If the same were seem in humans, it could lead to new therapies for recharging our aging brains and novel drugs for treating dementias such as Alzheimer’s disease.

“We’ve shown that at least some age-related impairments in brain function are reversible. They’re not final,” said Dr Saul Villeda, of Stanford’s School of Medicine.

Ageing mice given eight infusions of young blood over three weeks improved their performance in mental tests of fear condition and locating a hidden platform in a water maze.

Evidence was seen of new connections forming in the hippocampus, a brain region vital to memory and sensitive to ageing.

Dendritic spines - finger-like extensions from the branches of neurons that are thought to play a role in memory formation - also became more dense.

Infusions of blood from other elderly mice had no effect, the study, published in the journal Nature, found.

“This could have been done 20 years ago,” said lead researcher Dr Tony Wyss-Coray of Stanford.

“You don’t need to know anything about how the brain works. You just give an old mouse young blood and see if the animal is smarter than before. It’s just that nobody did it.”

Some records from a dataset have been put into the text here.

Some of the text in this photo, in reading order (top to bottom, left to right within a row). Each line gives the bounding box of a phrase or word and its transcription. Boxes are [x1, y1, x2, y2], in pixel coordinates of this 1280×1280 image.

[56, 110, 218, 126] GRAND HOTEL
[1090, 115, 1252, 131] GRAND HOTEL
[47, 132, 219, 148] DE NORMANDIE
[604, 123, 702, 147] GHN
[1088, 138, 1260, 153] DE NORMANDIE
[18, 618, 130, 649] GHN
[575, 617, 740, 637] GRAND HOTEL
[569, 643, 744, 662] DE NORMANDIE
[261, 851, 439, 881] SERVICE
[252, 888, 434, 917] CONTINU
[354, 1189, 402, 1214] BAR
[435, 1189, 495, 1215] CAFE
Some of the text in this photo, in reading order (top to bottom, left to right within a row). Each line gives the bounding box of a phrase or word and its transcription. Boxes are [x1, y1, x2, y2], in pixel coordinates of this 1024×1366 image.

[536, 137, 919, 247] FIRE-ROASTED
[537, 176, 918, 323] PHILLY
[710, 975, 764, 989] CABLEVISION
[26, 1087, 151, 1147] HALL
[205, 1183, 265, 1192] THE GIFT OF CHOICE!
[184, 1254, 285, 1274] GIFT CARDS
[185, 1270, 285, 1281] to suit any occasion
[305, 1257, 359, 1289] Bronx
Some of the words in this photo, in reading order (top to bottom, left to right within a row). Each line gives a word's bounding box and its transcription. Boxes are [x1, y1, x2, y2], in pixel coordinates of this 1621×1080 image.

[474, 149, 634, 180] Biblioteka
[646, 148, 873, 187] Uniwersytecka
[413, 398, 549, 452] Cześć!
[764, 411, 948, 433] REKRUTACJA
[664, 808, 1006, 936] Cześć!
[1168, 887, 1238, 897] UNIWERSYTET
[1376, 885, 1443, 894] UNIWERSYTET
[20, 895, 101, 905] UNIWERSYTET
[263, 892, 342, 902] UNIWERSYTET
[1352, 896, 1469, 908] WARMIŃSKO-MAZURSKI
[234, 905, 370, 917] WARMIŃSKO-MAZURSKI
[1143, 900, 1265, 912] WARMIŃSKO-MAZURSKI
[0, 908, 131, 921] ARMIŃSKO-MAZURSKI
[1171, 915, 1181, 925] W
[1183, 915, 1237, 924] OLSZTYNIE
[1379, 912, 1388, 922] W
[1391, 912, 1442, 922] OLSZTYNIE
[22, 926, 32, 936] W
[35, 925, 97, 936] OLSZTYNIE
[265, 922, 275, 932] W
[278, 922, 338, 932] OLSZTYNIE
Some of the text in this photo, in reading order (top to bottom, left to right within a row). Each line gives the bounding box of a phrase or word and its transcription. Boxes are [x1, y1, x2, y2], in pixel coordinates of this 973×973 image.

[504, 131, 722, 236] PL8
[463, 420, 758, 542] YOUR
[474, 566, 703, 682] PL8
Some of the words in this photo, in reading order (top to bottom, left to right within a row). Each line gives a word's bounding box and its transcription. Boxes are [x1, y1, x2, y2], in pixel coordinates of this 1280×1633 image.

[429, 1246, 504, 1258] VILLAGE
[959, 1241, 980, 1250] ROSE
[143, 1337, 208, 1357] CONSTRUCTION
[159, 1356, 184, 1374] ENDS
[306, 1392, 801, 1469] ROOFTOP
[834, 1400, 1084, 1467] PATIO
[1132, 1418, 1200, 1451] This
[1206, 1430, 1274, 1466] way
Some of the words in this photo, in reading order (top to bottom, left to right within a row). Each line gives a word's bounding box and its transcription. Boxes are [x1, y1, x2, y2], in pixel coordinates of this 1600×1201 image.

"Our data indicate that exposure of aged mice to young blood late in life is capable of rejuvenating synaptic plasticity and improving cognitive function.

"Future studies are warranted in aged humans and potentially those suffering from age-related neurodegenerative disorders."

Dr Eric Karran, from the dementia charity Alzheimer's Research UK, said: “This technically complex study looks at the effects of exposing old mice to blood-borne factors from young mice on age-related cognitive decline.

“Although the treatments tested here rejuvenate certain aspects of learning and memory in mice, these studies are of unknown significance to humans.

“This research, while very interesting, does not investigate the type of cognitive impairment that is seen in Alzheimer's disease, which is not an inevitable consequence of ageing.”